C’è una città sommersa che man mano che il racconto di Marta prosegue, emerge sotto gli occhi di tutti. C’è una città che lei stessa riconosce a stento. Torino, la città in cui è cresciuta trasfigura le sue strade, la storia di quegli anni, e che coinvolgono suo padre. «Non avrei saputo dire di preciso che cosa fosse successo, ma nei giorni seguenti continuai a sentire il cambiamento che mi accompagnava, impercettibile ma decisivo; era nel modo in cui guardavo la città, in cui alcune cose mi tornavano alla memoria; brandelli di conversazione, espressioni dimenticate, un tono di voce. Persino piazza Vittorio, la grande piazza accanto alla quale avevo abitato per tutta la vita e che conoscevo palmo a palmo, la piazza chiara, dura e geometrica che si spalancava sul ponte e il fiume e la collina, quando vi scesi il giorno dopo e la guardai, vuota di gente, quasi trasparente nella luce di vetro invernale, mi sembrò lunare e remota come il segno di un mistero». Ma la città sommersa è anche un magma interiore che si crede sopito e invece è pronto ad esplodere. Ricostruisce la storia di suo padre, parallelamente la storia della sua città, che si intrecciano indissolubilmente, ricostruisce quella ferita indelebile che il carcere, i movimenti politici, la lotta armata, le proteste operaie che ha definito i contorni di Torino.

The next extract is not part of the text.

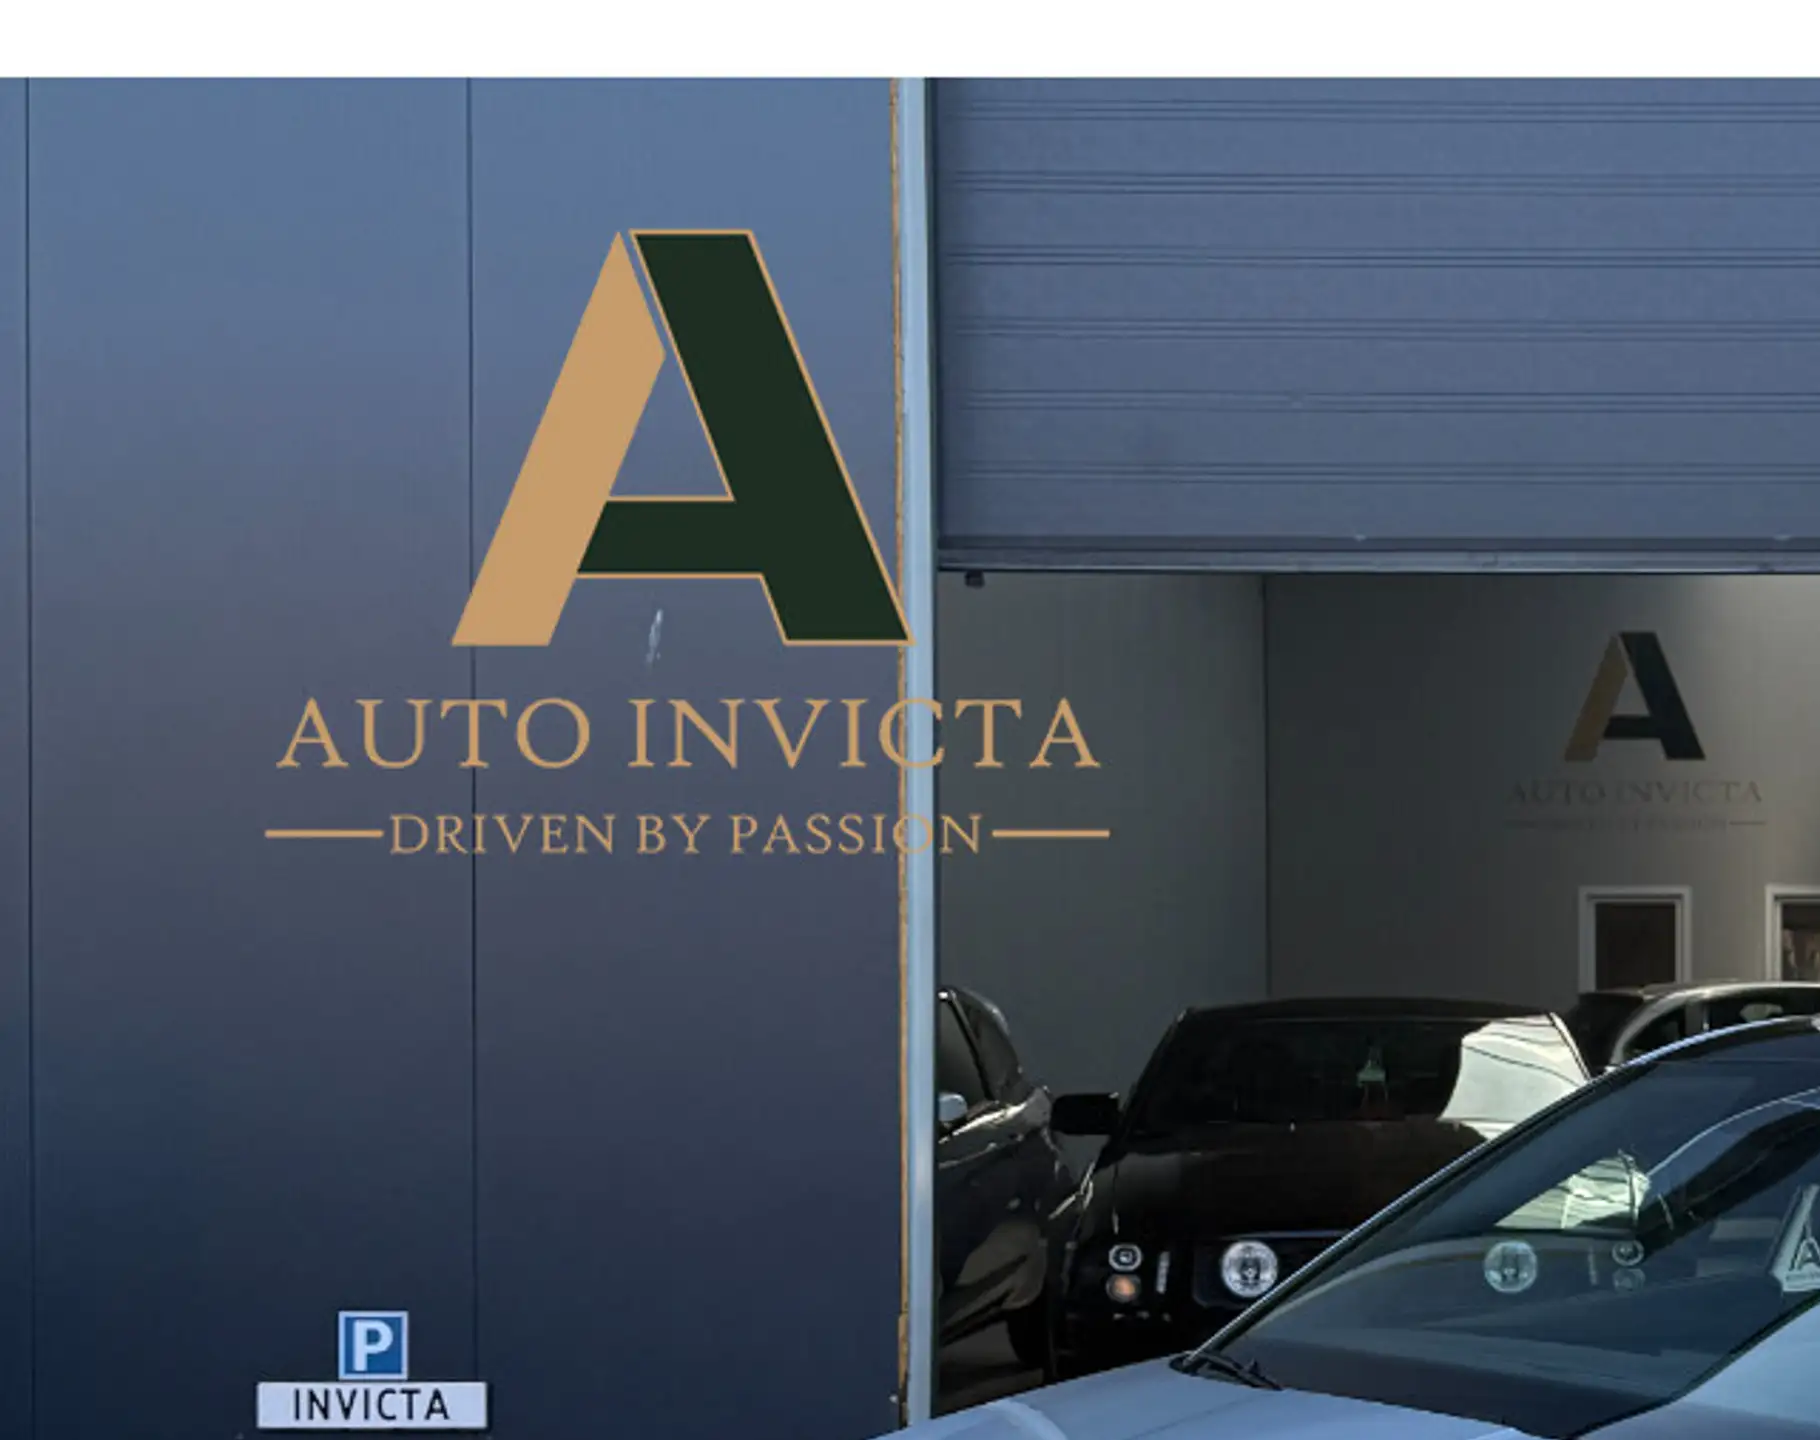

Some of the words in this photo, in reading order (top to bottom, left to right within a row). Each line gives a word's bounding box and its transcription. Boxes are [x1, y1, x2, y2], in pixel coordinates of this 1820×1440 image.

[1615, 780, 1764, 804] INVICTA
[353, 1320, 393, 1371] P
[294, 1388, 450, 1421] INVICTA

L’esistenza? Una traduzione

Città sommersa (304 pagine, 18 euro) di Marta Barone, edito da Bompiani, è un romanzo aspro, ostinato, un’onda di piena impossibile da evitare. La scrittura di Marta Barone – che con questo esordio si è aggiudicata il premio Vittorini – ricostruisce un’atmosfera sottile, dall’aria rarefatta come quando si sale in quota. La storia di un uomo che forse non ha smesso di sognare e che nei mille tasselli in cui la sua storia si è persa, ha ritrovato, definitivamente, lo sguardo di una figlia. È un romanzo denso di ricordi, di libri, di citazioni, di canzoni che ci riportano alla sua storia. Una sua amica francese, Valérie, un giorno le disse: «In un certo senso tutta la nostra esistenza è una traduzione tra quello che cerchiamo di dire e quello che poi riusciamo a dire davvero». Padre e figlia hanno in comune un unico linguaggio: i miti greci e il mare. “Era un sentimento profondo e straziante e indefinibile. Partivamo per lunghe spedizioni in cui quasi non ci scambiavamo parola. Sentivo solo il suo respiro nel boccaglio, e il mio, più affannoso. Mi insegnò a pulire la maschera con lo sputo quando si appannava. Ci spingevamo dove non c’era nessuno, tra gli scogli oltre i promontori e ancora più al largo. Il mondo sotto la superficie era allora soltanto nostro, quel mondo al tempo stesso vivo e spettrale. […] I raggi del sole che tagliavano l’acqua in diagonale e proiettavano losanghe tremolanti sul fondo. Il blu cupo e senza fine che si apriva davanti agli occhi quando guardavo in avanti, verso il mare aperto. Quella fatica era una fatica felice. Quando dopo aver fatto un lungo giro, crollavo sulla battigia, esausta, piena, i capelli bagnati che mi penzolavano sulla faccia, e lui mi accarezzava e mi sorrideva con fierezza, mi sentivo bene, sentivo qualcosa che somigliava all’amore”. Di traduzione, alla fine, Marta Barone ne ha fatto un mestiere, una certa dimestichezza coltivata nel tempo e che ha a che fare con la traduzione dei sentimenti, la traduzione di fotografie sgranate, e la traduzione di ricordi ai quali manca sempre un dettaglio, anche se appaiono così nitidi. C’è tutto in Città sommersa di Marta Barone, tutto questo e infine, l’ammissione di aver trovato in sé, radici e appartenenze.